When I was in law school, to get through classes that felt as though they were systematically destroying my soul, I sewed a dress based on a pattern from the 1830s, cartridge pleats and all. It was surprisingly comfortable: the sleeves, in particular, were set into the bodice in such a way that I could raise and lower my arms easily. It was as easy to move in as my modern clothes, although it did change the way I moved: I stood up straighter and walked with more hip movement, to set the very full skirt swishing. It was an ordinary dress that a governess might have worn, but I was so proud of the work that went into it! As I suppose that governess would have been, making it in the 1830s from the same pattern.

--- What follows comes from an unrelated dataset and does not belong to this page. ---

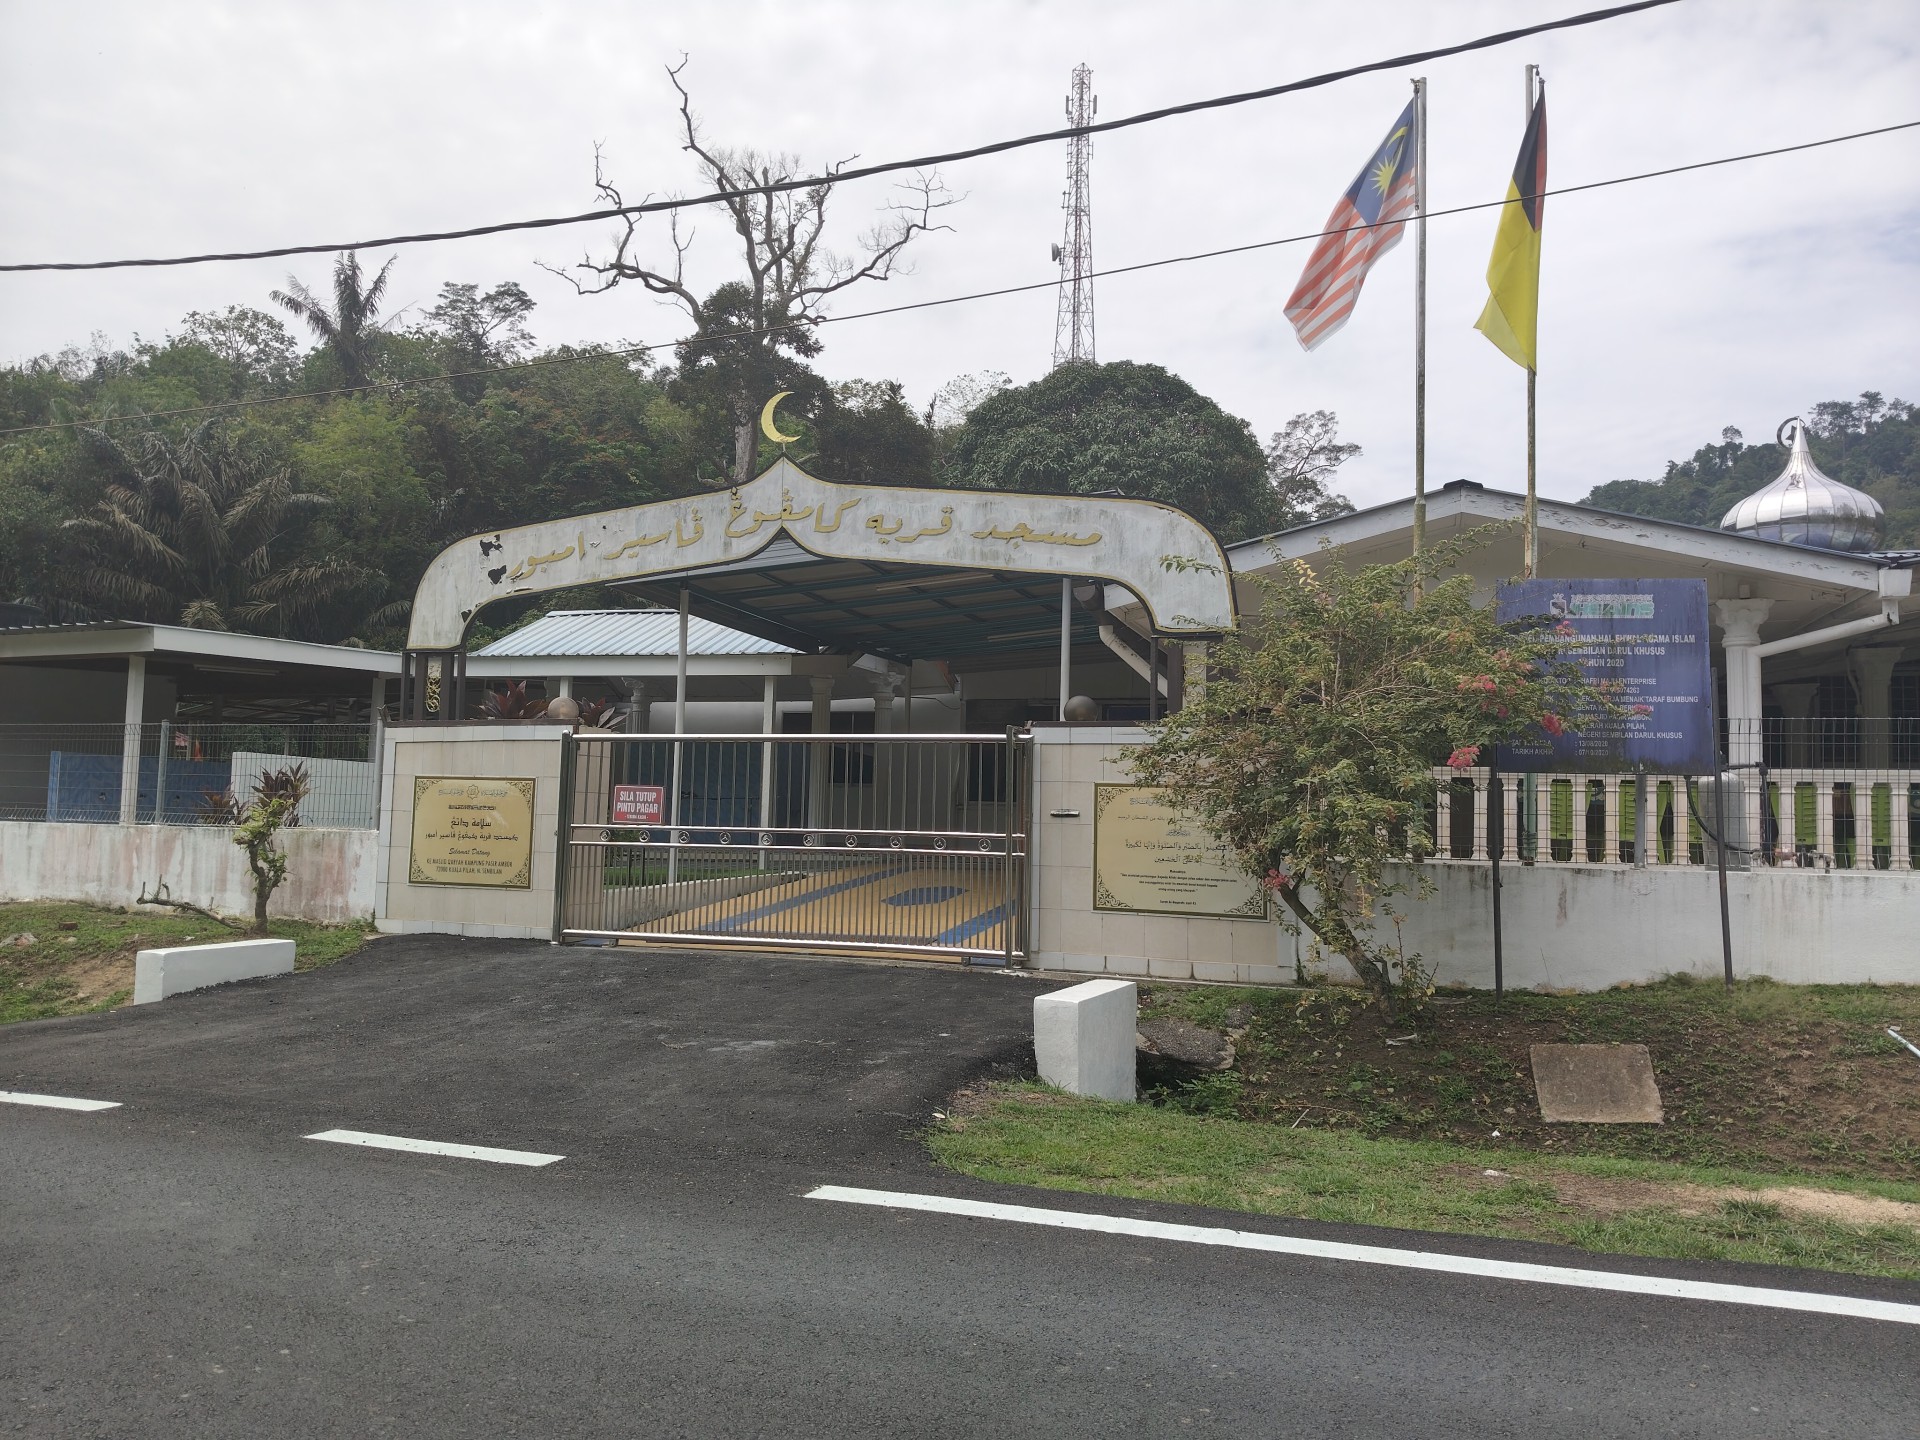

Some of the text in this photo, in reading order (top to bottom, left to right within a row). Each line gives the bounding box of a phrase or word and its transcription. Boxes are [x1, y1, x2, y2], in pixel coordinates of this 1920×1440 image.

Making and wearing this dress taught me some important lessons about the mistakes we make when we think about women from past eras, when their social roles may have differed from ours. The most important of these mistakes is assuming that they were somehow fundamentally different from us, that they did not have similar aspirations, beliefs, and conflicts. When I put on that dress, I put it on my own modern body, which was unlike an early nineteenth-century body in important ways. As a child, I had received vaccinations that would protect me from disease, eaten adequate amounts of vitamins and protein, and lived in an environment kept clean with soap, detergents, and antibiotics. I had always exercised and never worn a corset. I was larger and healthier than my hypothetical governess from the 1830s. But we were also fundamentally the same: female bodies shaped by genes and hormones, subject to disease and time. When we think about women from previous eras, it’s important to remember our commonality so we don’t fall into the trap of believing social stereotypes.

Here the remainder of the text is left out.